The report also said auditors reviewing the county’s major fund calculation found “funds included that should not have been, one missing fund, negative revenue reported and other amounts that did not agree to the financial statements provided for audit.”
Gassaway said auditors didn’t initially receive the most current work that had been done in the major fund calculation model.
The state Auditor’s Office also found that last year the county charged more than $380,000 in indirect costs without adequate supporting documentation. Auditors also found charges totaling more than $206,000 for employee vacation, sick leave and holiday benefits to the Highway Planning and Construction grant without adequate controls to ensure the charges were made without using a trust account.
According to the report, staff within the Clark County Public Works Department “had insufficient knowledge of federal requirements for allowable costs to ensure compliance; and monitoring by management was not adequate to detect an issue.”
Although the county wasn’t in compliance with federal requirements for allocation plans or how it charged for some employee benefits, the state auditors found the charges to the federal program were reasonable. However, the documentation standards were not to the level auditors expected.
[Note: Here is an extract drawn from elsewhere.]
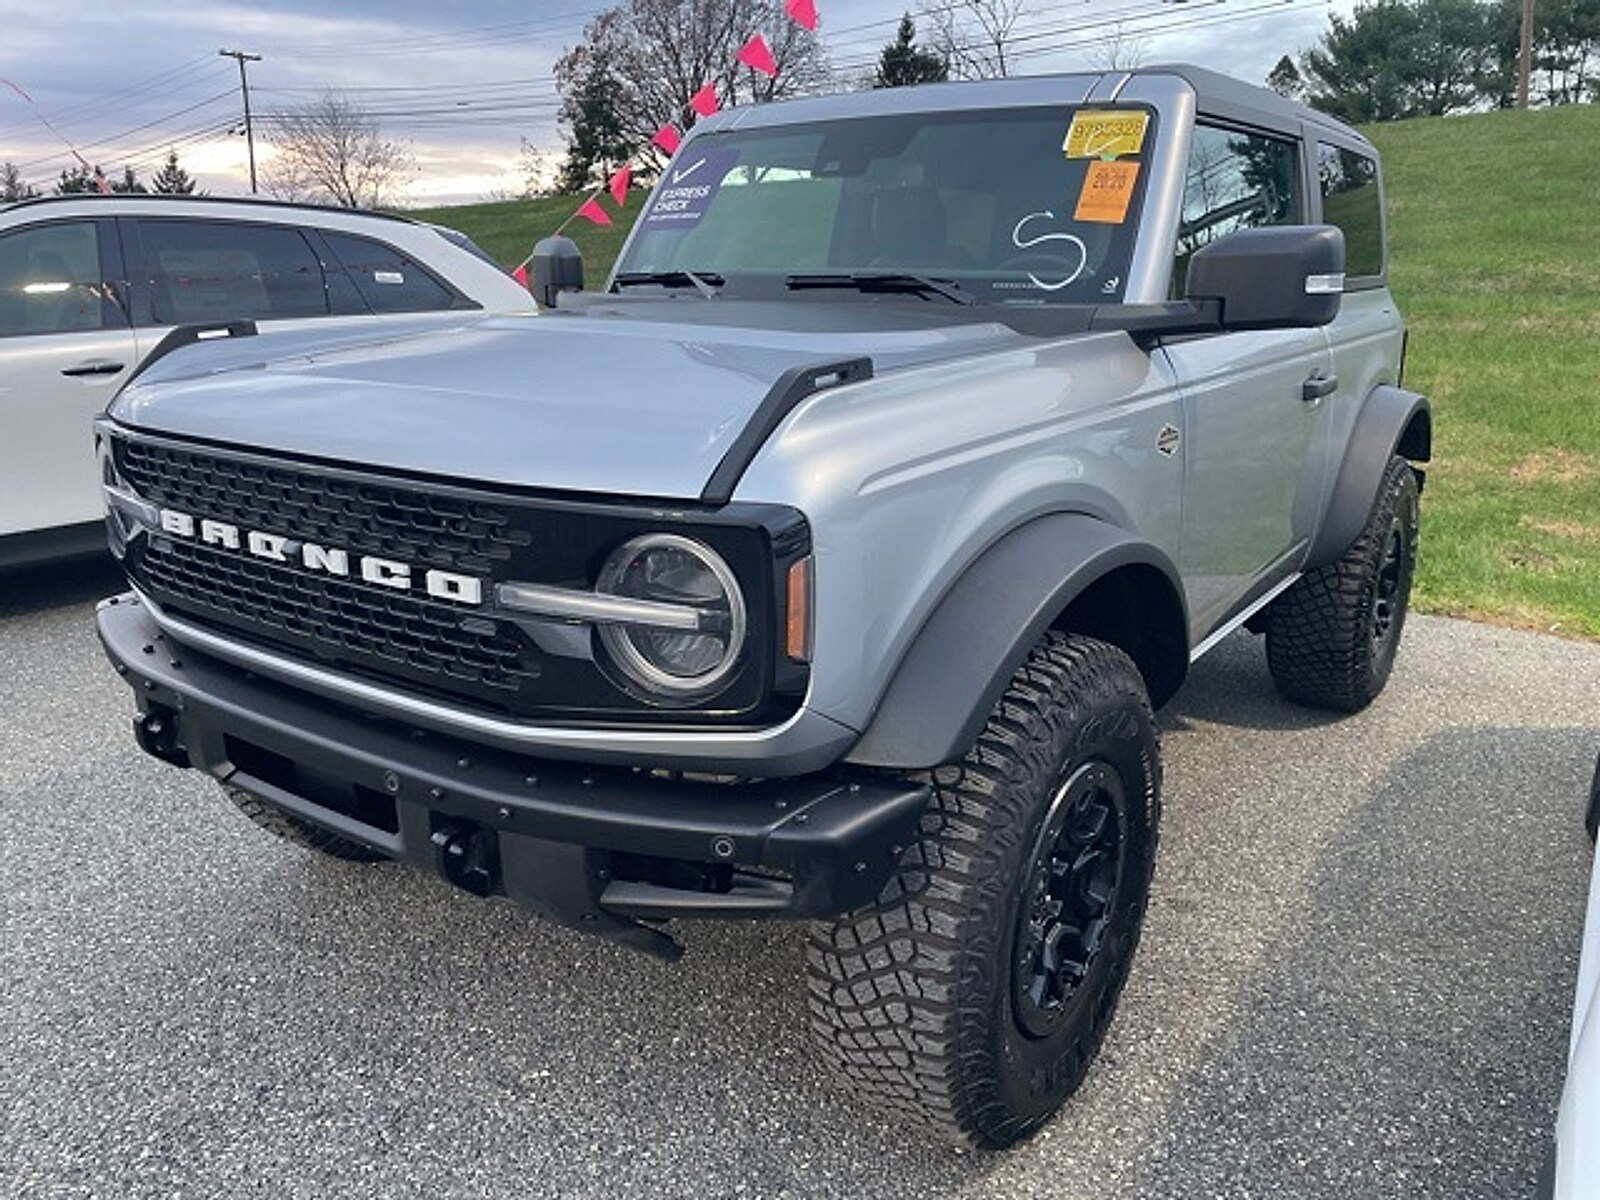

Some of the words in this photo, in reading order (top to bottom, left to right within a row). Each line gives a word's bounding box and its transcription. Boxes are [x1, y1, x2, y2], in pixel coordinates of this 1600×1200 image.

Gassaway said the county has used the same grant reporting methods for nearly 20 years without realizing or being told by auditors that a footnote from 1998 required something different.
“(The) requirement concerning grant expenses had not been an issue for the past 18 years and under new guidance that began in 2015 will not be a requirement once the grant is renewed,” he said.
The county’s written responses to the state auditor’s findings are included in the report. In its statement, the county agreed its process didn’t meet all federal requirements. The county will better train staff on allowable costs and allocation plans on federal grants and will develop a monitoring process.
“We appreciate the state auditor’s office pointing out the two technical accounting requirements,” Gassaway said.
State auditors will review the corrective action during their next regular audit of the county.